Pierce hoped to be re-nominated in 1856, but the rising agitation over slavery and his connection with the Kansas controversy ruled him out of the running. The Democratic convention turned instead to James Buchanan. Pierce left the White House with little sense of gratification and set out with his wife on a European tour. After additional traveling in the United States and the West Indies, he settled permanently in Concord in 1860. He attacked the Lincoln administration for provoking the Civil War and disregarding the constitution in prosecuting it.

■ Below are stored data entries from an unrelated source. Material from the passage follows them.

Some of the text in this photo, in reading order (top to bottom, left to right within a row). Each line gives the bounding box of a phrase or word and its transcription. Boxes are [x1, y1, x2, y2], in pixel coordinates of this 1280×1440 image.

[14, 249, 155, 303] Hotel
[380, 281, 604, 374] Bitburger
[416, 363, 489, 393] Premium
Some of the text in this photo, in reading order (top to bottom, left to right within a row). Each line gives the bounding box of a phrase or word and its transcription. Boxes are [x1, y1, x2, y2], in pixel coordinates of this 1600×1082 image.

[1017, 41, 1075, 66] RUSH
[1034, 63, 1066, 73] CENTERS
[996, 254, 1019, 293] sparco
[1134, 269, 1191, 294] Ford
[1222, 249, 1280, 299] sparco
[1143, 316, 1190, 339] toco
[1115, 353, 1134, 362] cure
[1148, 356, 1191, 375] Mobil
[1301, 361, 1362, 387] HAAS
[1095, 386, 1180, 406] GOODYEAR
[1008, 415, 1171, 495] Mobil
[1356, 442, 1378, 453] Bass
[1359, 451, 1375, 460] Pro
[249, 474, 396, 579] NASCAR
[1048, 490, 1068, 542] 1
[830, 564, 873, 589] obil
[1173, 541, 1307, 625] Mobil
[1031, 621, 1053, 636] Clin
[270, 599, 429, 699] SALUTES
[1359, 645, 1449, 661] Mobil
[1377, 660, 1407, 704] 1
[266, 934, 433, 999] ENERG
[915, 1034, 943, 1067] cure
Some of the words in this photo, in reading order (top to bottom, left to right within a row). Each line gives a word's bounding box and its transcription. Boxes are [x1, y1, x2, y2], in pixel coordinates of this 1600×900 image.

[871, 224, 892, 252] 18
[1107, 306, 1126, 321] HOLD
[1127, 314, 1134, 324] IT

He spent his last years in virtual seclusion and died in Concord on Oct. 8, 1869. The great irony of Franklin Pierce is that a man less than qualified to be President was behind one of the most far-reaching pieces of legislation in American history. He serves as a prime example of why difficult times require activist and focused leadership that is sensitive to issues both of change and continuity affecting the political scene. Overall, I believe that Pierce was a good president. He did his best even though he had lost his only surviving child and his wife had even shut him out.